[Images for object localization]
= Beginning of Section =

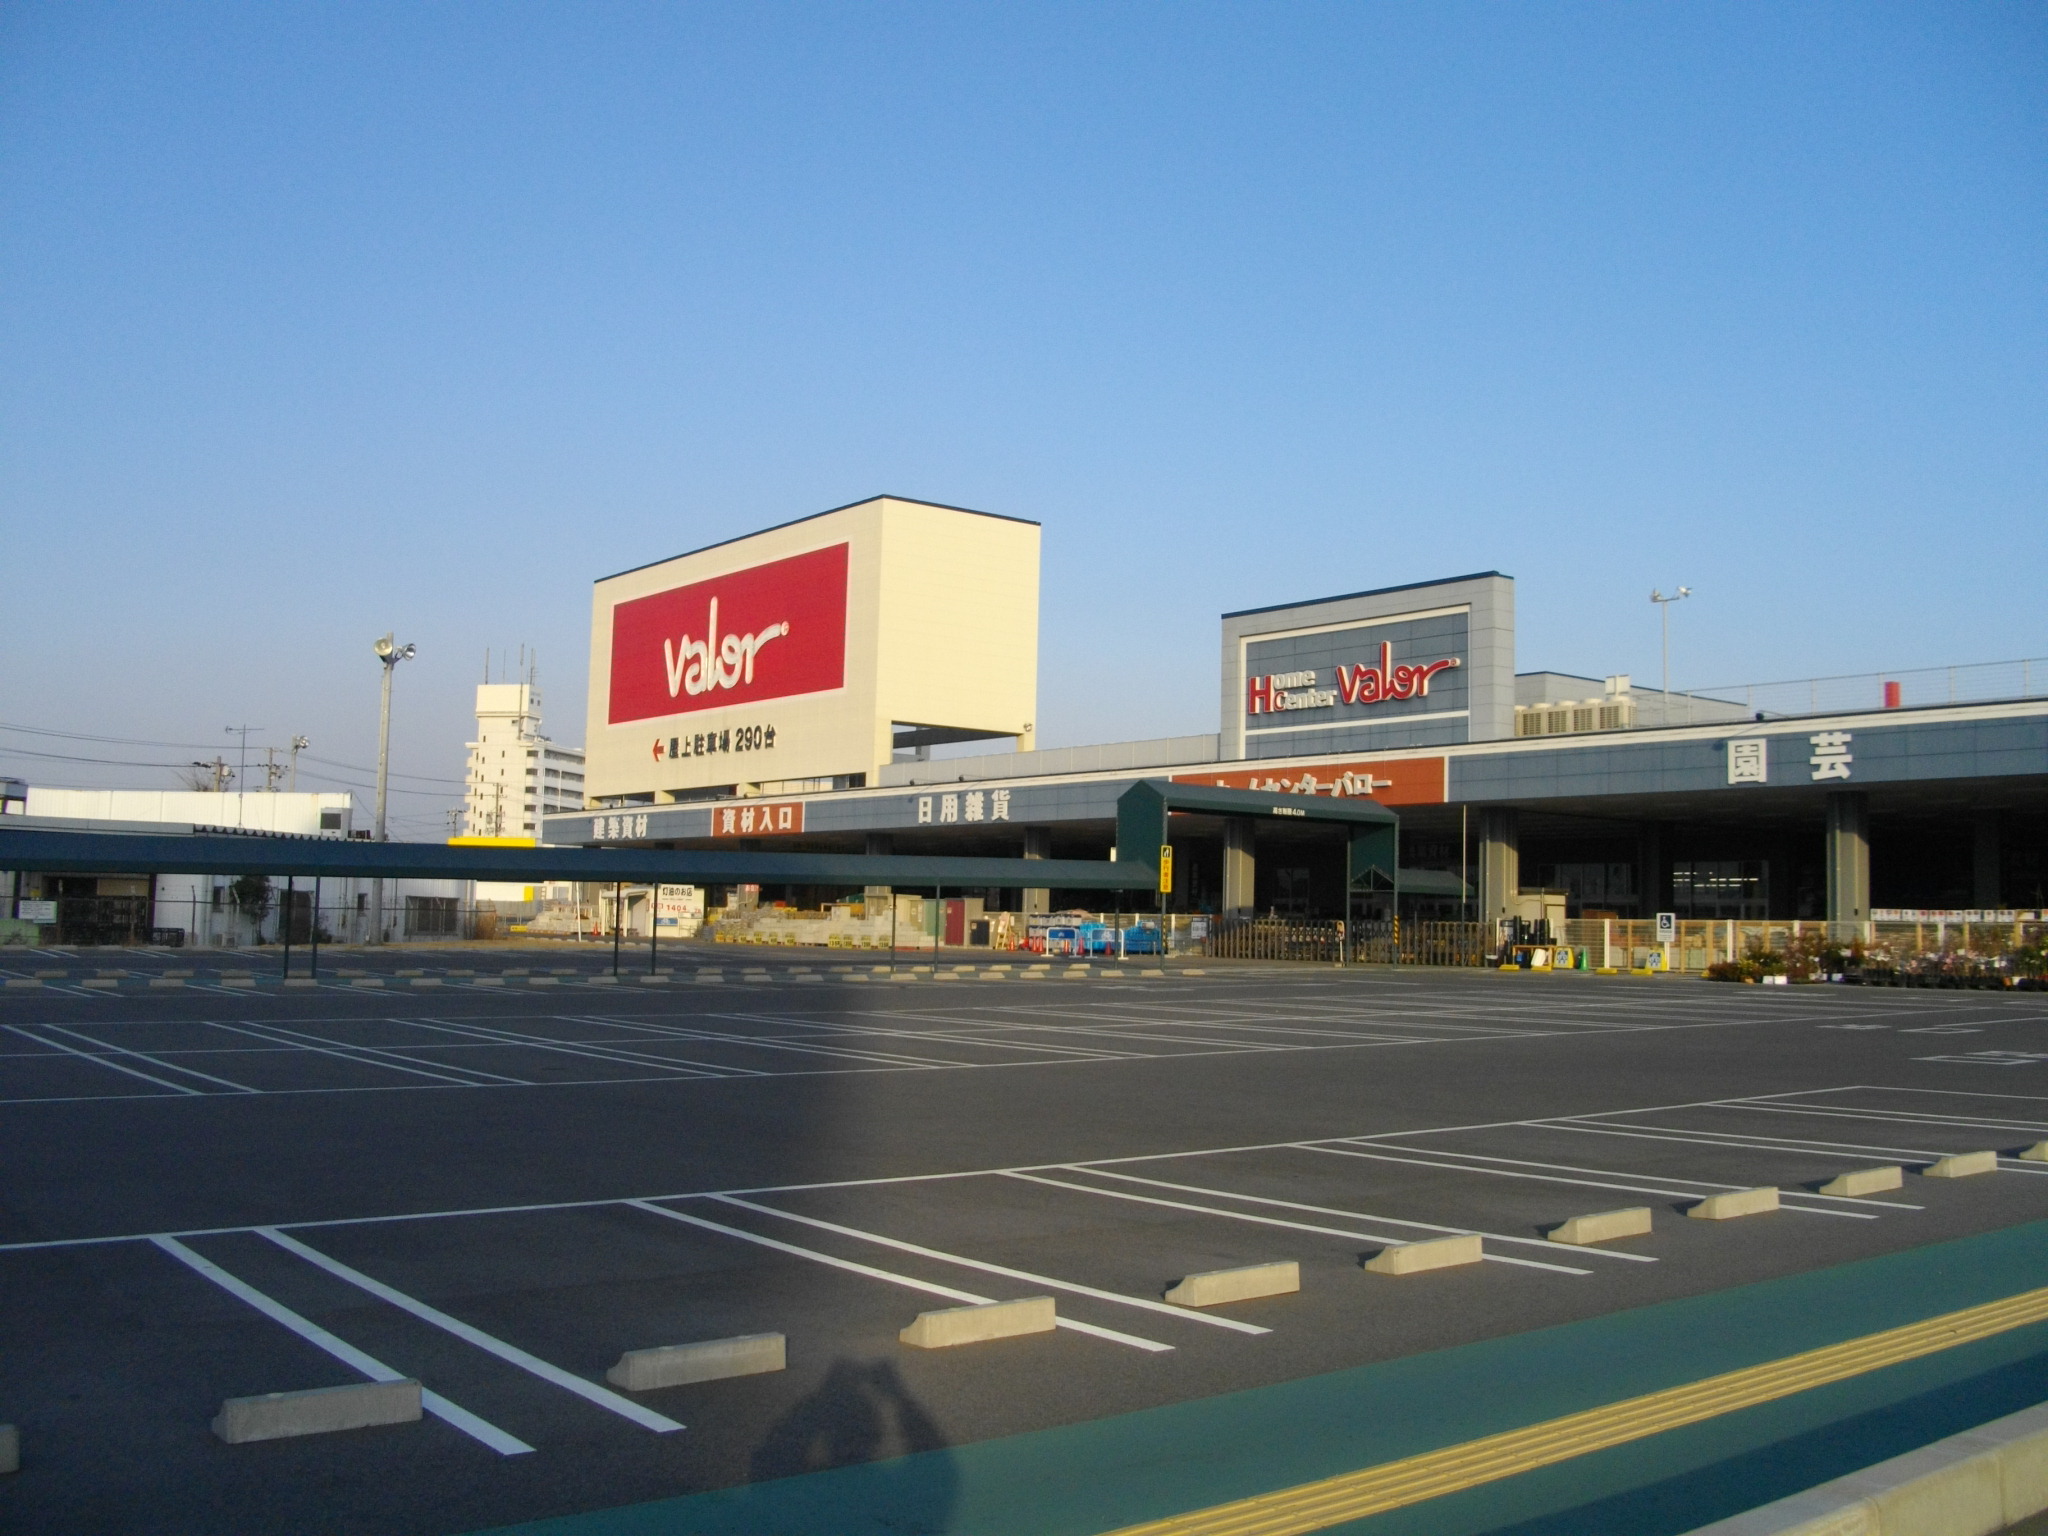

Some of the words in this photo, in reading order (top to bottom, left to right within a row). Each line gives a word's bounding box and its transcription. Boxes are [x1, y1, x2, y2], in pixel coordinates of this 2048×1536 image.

[735, 723, 776, 752] 290台
[1728, 732, 1853, 784] 園芸
[722, 806, 792, 834] 資材入口
[918, 789, 1011, 823] 日用雑貨
[593, 814, 648, 840] 建築資材
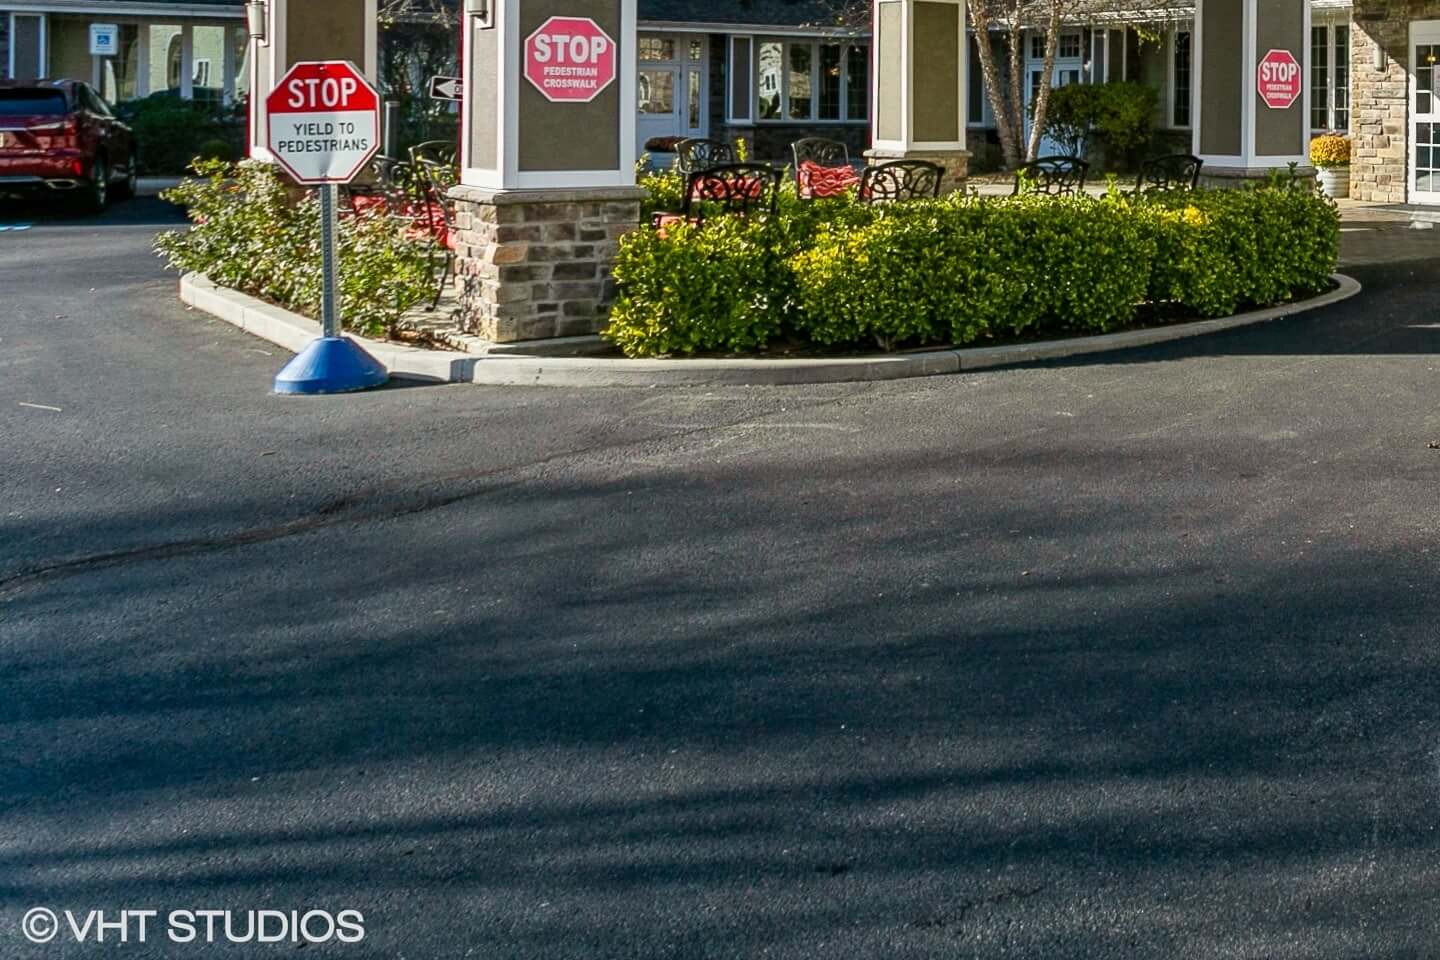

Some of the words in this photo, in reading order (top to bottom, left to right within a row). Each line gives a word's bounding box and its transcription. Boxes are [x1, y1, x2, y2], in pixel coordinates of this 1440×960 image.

[534, 34, 607, 64] STOP
[544, 67, 598, 77] PEDESTRIAN
[1262, 62, 1297, 82] STOP
[544, 79, 597, 89] CROSSWALK
[288, 78, 357, 108] STOP
[294, 123, 334, 136] YIELD
[338, 122, 355, 135] TO
[278, 139, 368, 152] PEDESTRIANS
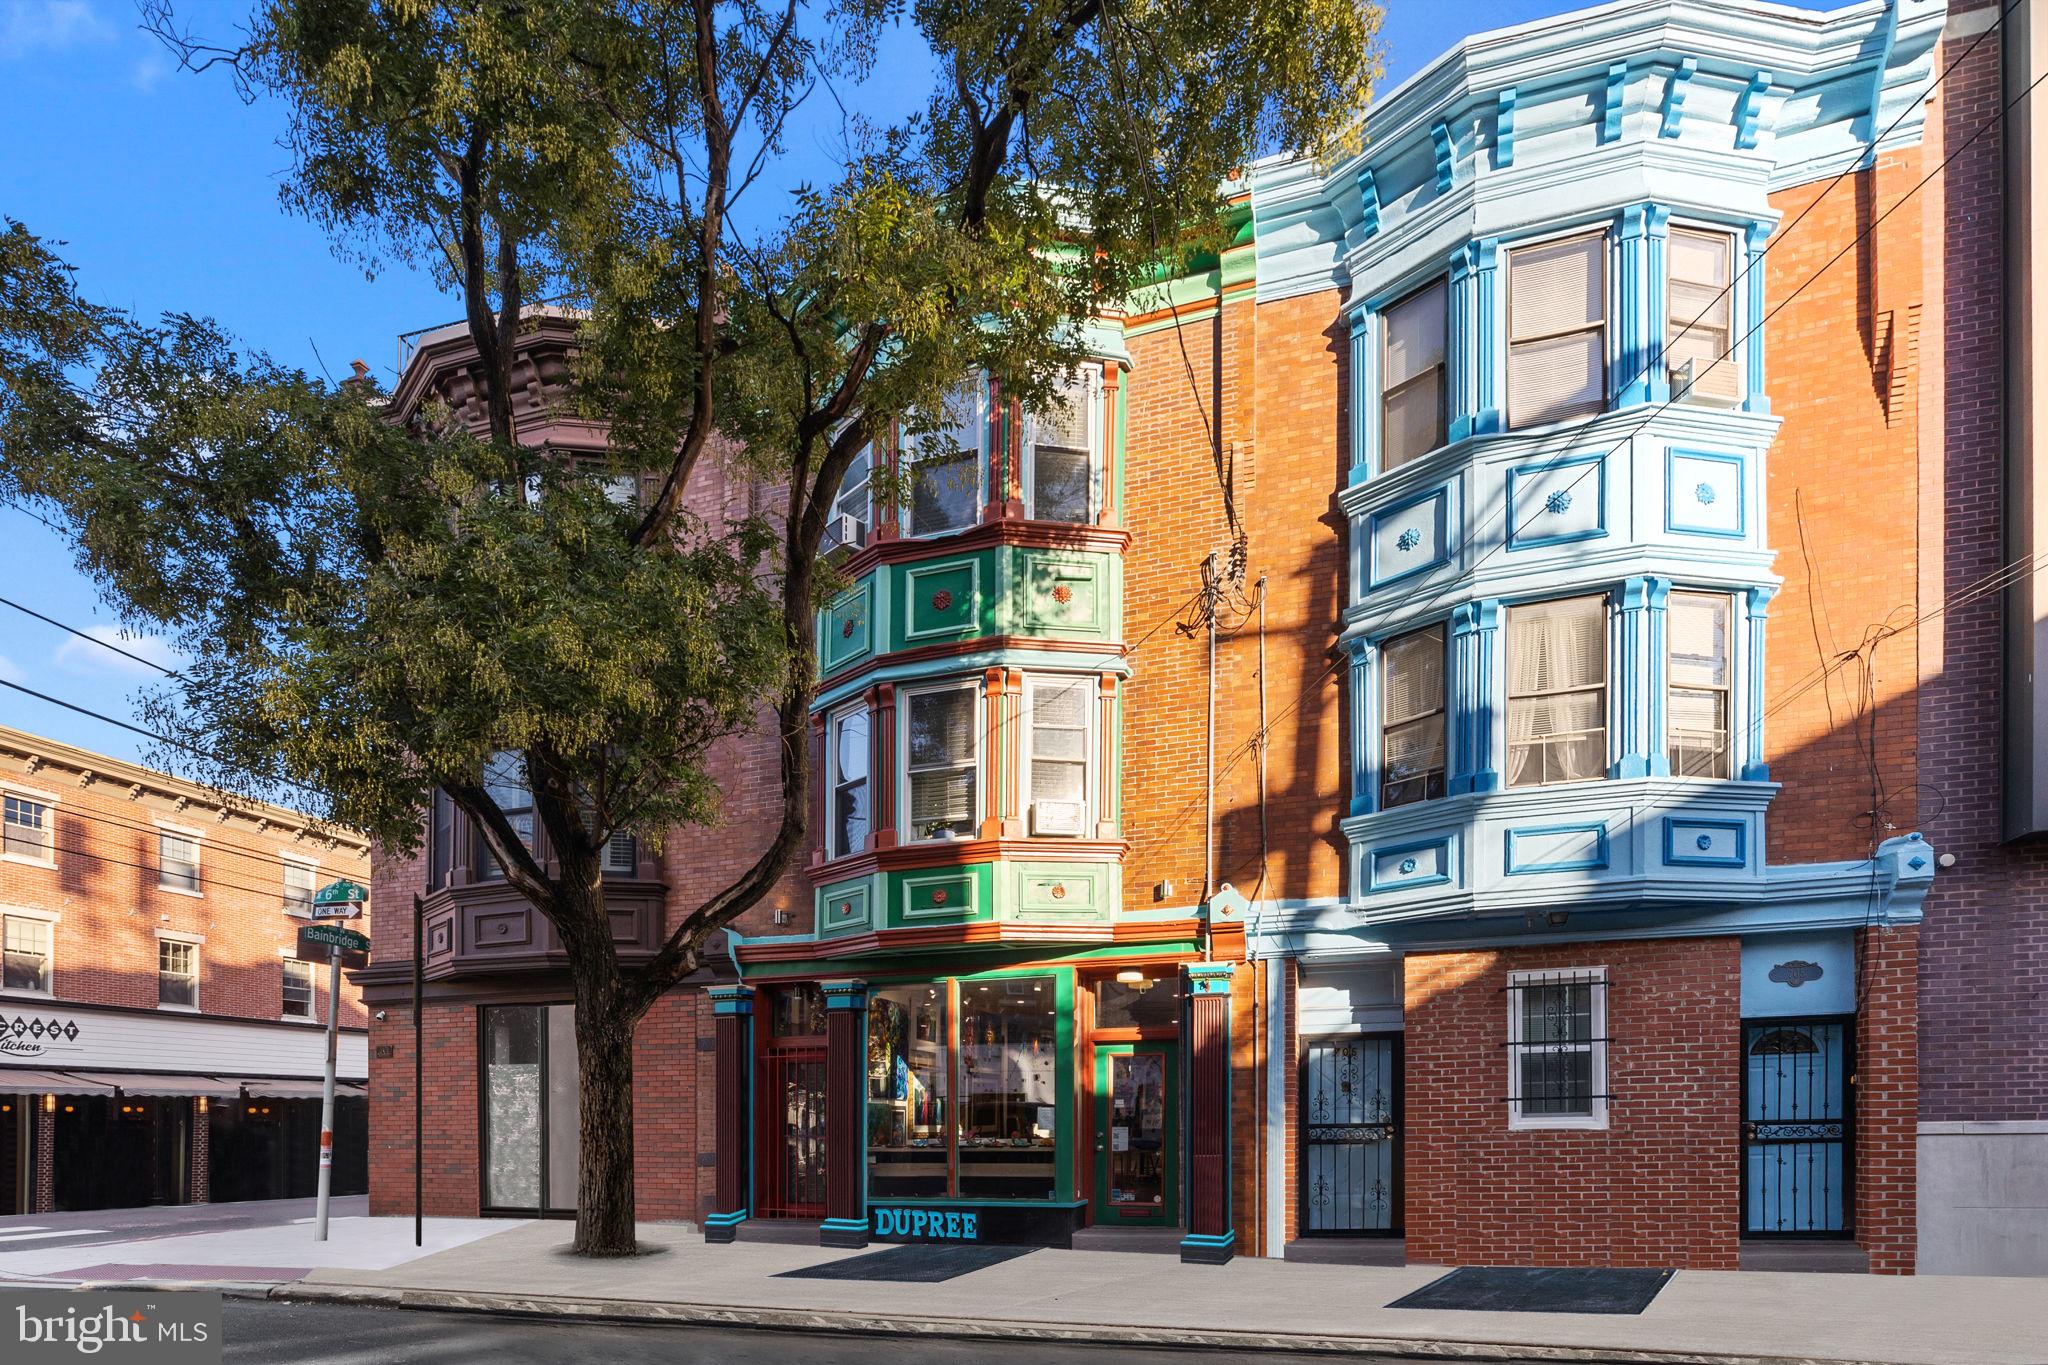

= End of Section =

What is needed is an exact restatement of the lines from the line with "this 1440×960 image." through the final line of the data, pictures excluded.

Some of the words in this photo, in reading order (top to bottom, left to right within a row). Each line gives a word's bounding box and its transcription. Boxes are [x1, y1, x2, y2], in pixel coordinates of this 1440×960 image.

[534, 34, 607, 64] STOP
[544, 67, 598, 77] PEDESTRIAN
[1262, 62, 1297, 82] STOP
[544, 79, 597, 89] CROSSWALK
[288, 78, 357, 108] STOP
[294, 123, 334, 136] YIELD
[338, 122, 355, 135] TO
[278, 139, 368, 152] PEDESTRIANS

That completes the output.